**THE PROBLEM**
Nothing but the lines from the one with "this 1600×1200 image." through the final line of the entries below should be written out, each exactly as given.

(Image-backed grounding data)
┄┄┄┄┄┄

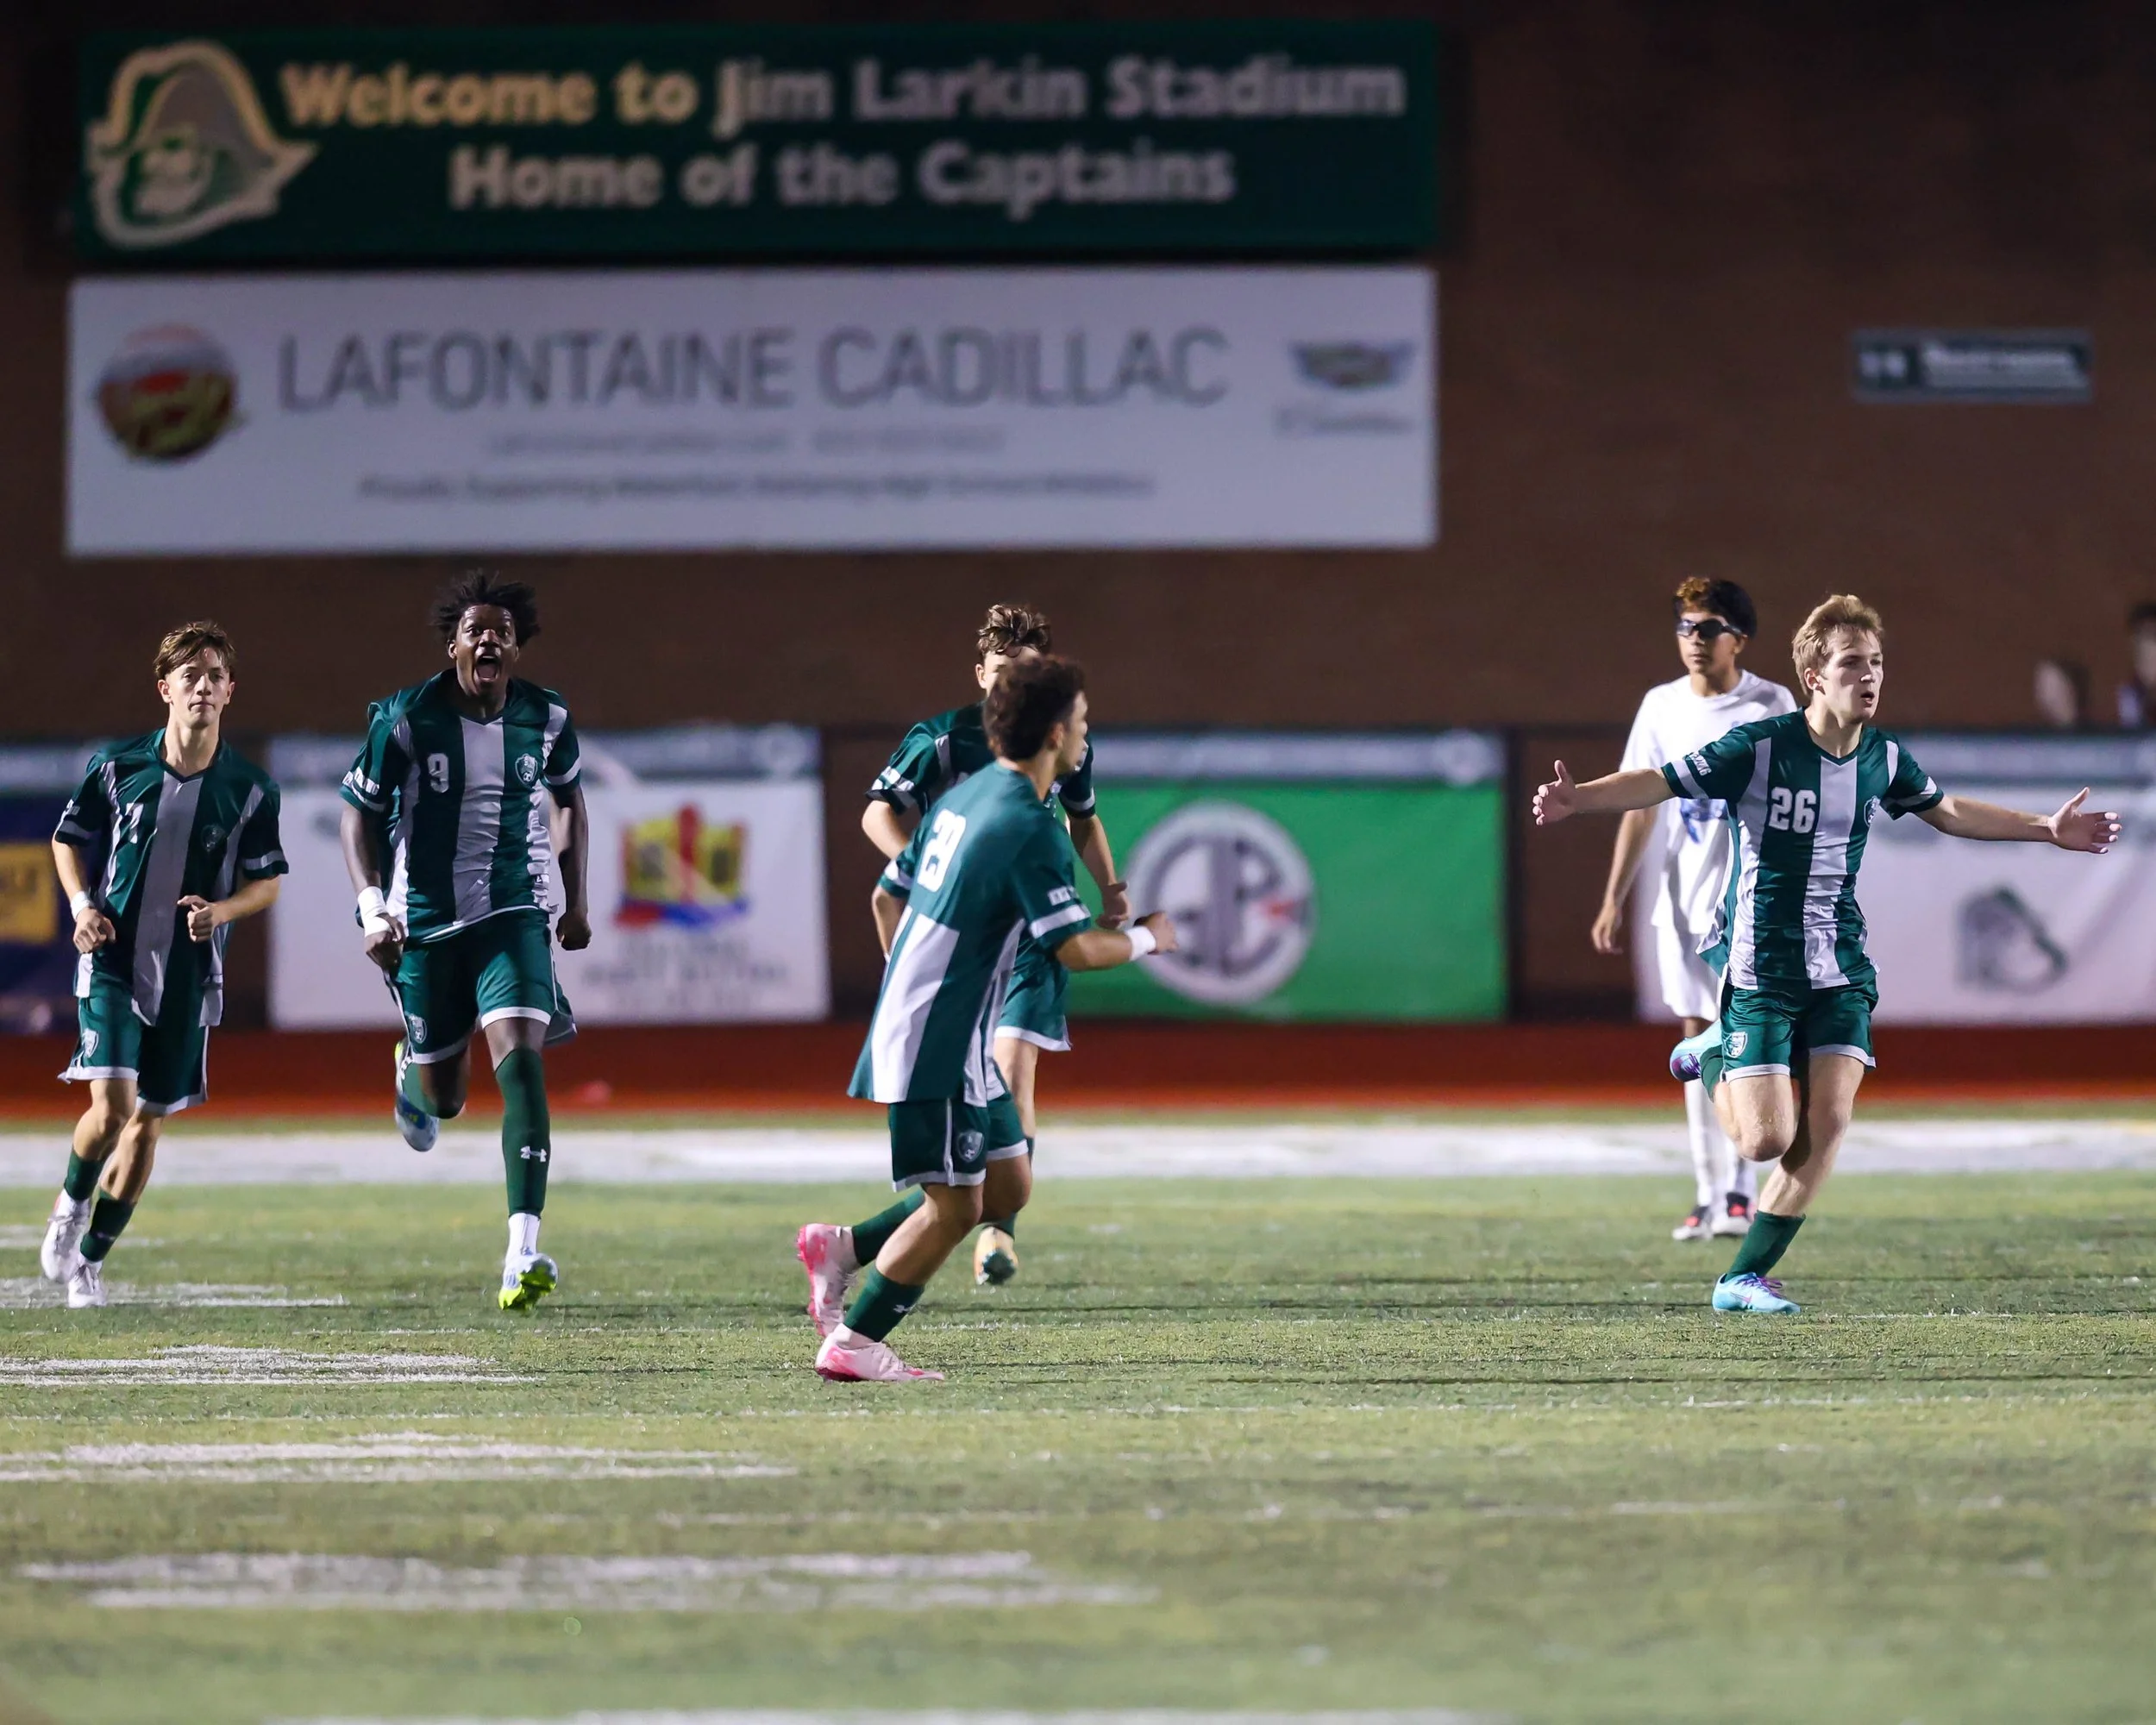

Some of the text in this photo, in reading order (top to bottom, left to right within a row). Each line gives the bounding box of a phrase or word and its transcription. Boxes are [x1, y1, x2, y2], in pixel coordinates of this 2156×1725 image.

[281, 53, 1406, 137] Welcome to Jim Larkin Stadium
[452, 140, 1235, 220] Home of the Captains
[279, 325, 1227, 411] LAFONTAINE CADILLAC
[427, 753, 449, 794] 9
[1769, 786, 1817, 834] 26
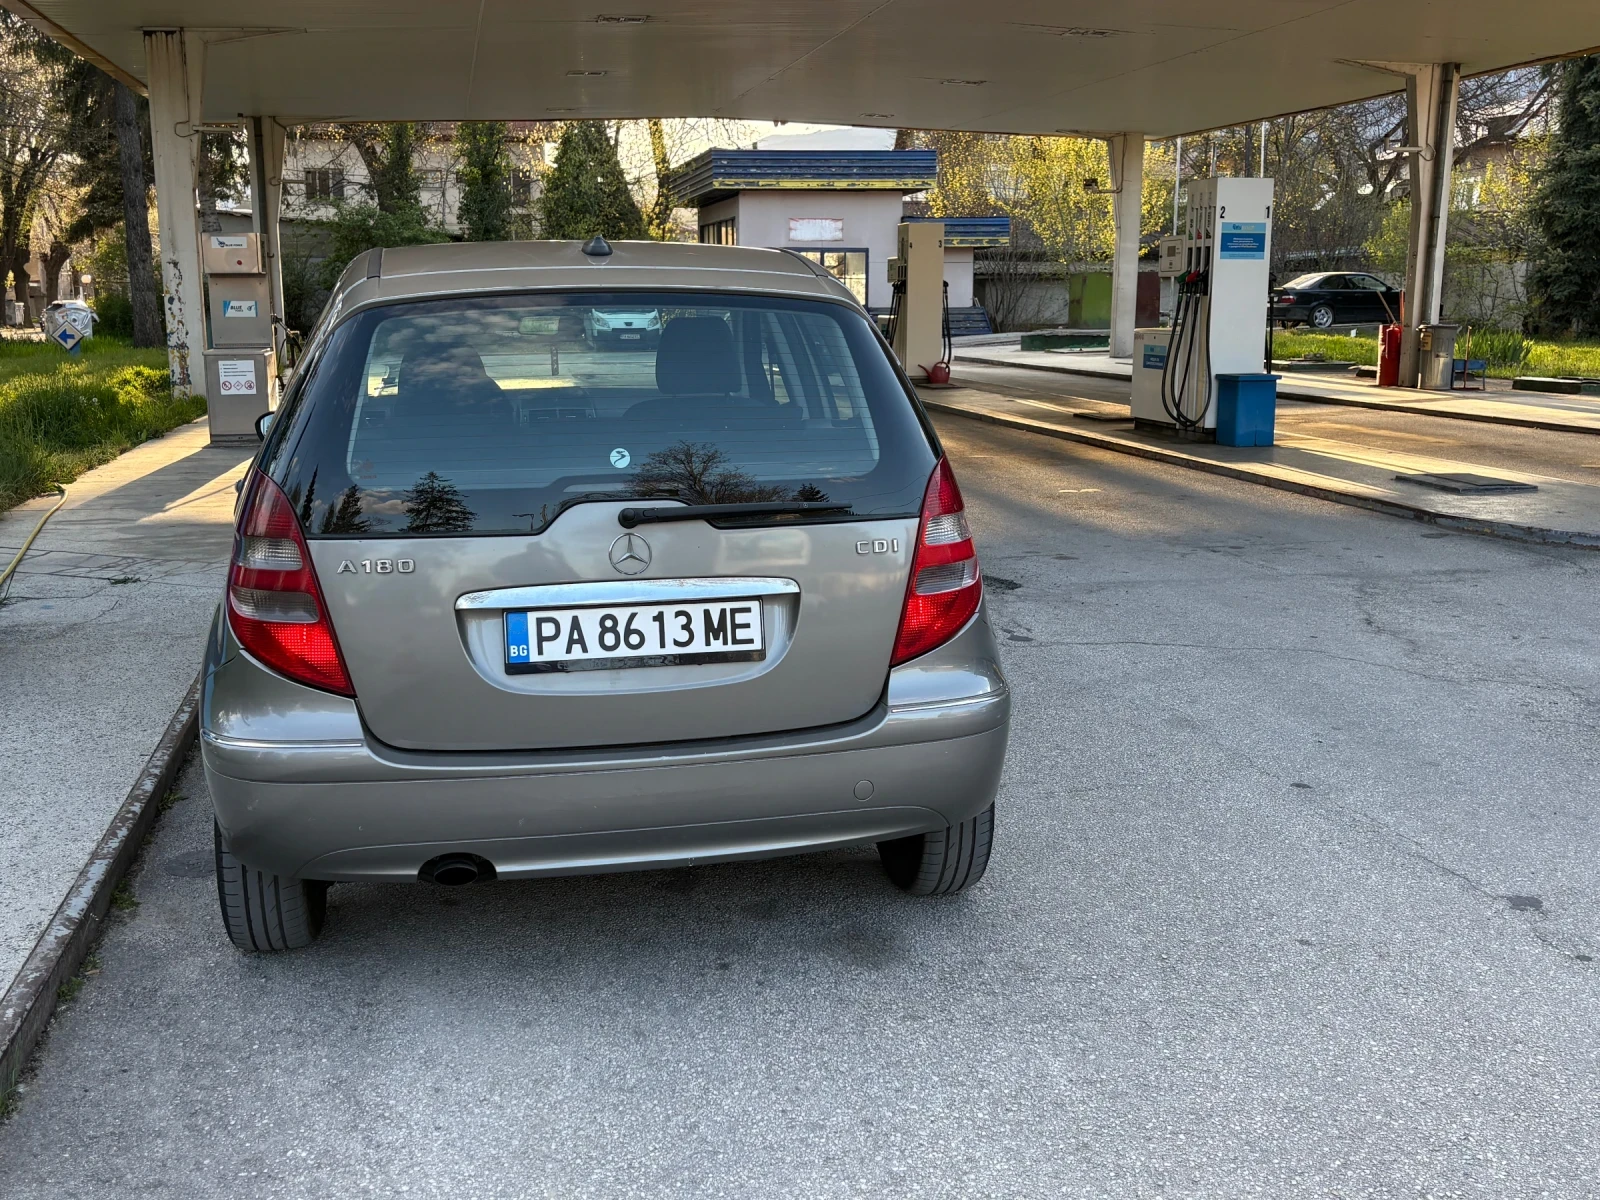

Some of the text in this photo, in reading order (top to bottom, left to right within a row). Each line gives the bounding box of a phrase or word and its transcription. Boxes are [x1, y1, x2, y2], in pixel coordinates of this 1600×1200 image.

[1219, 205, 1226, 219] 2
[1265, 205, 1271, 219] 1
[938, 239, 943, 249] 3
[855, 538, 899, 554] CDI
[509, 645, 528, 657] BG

┄┄┄┄┄┄

**TASK RESULT**
Some of the text in this photo, in reading order (top to bottom, left to right within a row). Each line gives the bounding box of a phrase or word and its transcription. Boxes are [x1, y1, x2, y2], in pixel coordinates of this 1600×1200 image.

[1219, 205, 1226, 219] 2
[1265, 205, 1271, 219] 1
[938, 239, 943, 249] 3
[855, 538, 899, 554] CDI
[509, 645, 528, 657] BG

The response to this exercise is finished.